Viral hepatitis and Parkinson disease: A national record-linkage study.

Author information

1
From the Unit of Health-Care Epidemiology (J.P., R.G., M.G.), Nuffield Department of Population Health, University of Oxford; and UCL Institute of Neurology (A.N., M.S., S.M., A.S., A.L.), Queen Square, London, UK.
2
From the Unit of Health-Care Epidemiology (J.P., R.G., M.G.), Nuffield Department of Population Health, University of Oxford; and UCL Institute of Neurology (A.N., M.S., S.M., A.S., A.L.), Queen Square, London, UK. michael.goldacre@dph.ox.ac.uk.

Abstract

OBJECTIVE:

To study associations between viral hepatitis and Parkinson disease (PD).

METHODS:

A retrospective cohort study was done by analyzing linked English National Hospital Episode Statistics and mortality data (1999-2011). Cohorts of individuals with hepatitis B, hepatitis C, autoimmune hepatitis, chronic active hepatitis, and HIV were constructed, and compared to a reference cohort for subsequent rates of PD.

RESULTS:

The standardized rate ratio (RR) of PD following hepatitis B was 1.76 (95% confidence interval [CI] 1.28-2.37) (p < 0.001), based on 44 observed compared with 25 expected cases. The RR of PD following hepatitis C was 1.51 (95% CI, 1.18-1.9) (p < 0.001), based on 48.5 expected and 73 observed cases.
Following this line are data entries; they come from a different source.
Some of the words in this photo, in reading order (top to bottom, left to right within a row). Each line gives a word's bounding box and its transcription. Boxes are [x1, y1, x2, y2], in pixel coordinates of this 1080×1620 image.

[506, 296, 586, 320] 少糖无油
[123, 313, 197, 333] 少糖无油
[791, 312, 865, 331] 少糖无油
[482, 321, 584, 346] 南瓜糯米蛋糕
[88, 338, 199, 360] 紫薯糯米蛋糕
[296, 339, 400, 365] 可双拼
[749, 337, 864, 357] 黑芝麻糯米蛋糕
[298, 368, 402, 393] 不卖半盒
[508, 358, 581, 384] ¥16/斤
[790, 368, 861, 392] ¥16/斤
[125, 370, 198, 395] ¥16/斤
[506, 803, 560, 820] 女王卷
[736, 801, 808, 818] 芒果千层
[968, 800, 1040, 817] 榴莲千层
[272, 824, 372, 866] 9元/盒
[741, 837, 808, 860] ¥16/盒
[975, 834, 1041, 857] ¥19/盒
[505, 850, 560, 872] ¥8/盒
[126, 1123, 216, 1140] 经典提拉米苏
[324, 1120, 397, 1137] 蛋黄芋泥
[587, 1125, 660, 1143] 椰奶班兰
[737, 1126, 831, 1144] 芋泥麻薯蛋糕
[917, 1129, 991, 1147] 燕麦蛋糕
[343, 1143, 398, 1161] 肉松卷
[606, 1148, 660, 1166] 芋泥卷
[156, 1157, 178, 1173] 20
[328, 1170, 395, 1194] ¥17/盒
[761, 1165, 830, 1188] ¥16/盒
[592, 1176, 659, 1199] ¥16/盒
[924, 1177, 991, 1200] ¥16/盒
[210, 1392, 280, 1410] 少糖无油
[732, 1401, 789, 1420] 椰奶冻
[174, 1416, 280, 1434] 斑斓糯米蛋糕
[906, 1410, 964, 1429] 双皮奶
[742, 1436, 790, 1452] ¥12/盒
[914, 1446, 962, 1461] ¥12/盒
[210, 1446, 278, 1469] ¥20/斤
There was no significant association between autoimmune hepatitis, chronic active hepatitis or HIV, and subsequent PD. When including only those episodes of care for PD that occurred first at least 1 year following each exposure condition, the RR for hepatitis B and hepatitis C were 1.82 (1.29-2.5) and 1.43 (1.09-1.84), respectively.

CONCLUSIONS:

We report strong evidence in favor of an elevation of rates of subsequent PD in patients with hepatitis B and hepatitis C. These findings may be explained by factors peculiar to viral hepatitis, but whether it reflects consequences of infection, shared disease mechanisms, or the result of antiviral treatment remains to be elucidated. Further work is needed to confirm this association and to investigate pathophysiologic pathways, potentially advancing etiologic understanding of PD more broadly.

PMID:
28356465
DOI:
10.1212/WNL.0000000000003848
[Indexed for MEDLINE]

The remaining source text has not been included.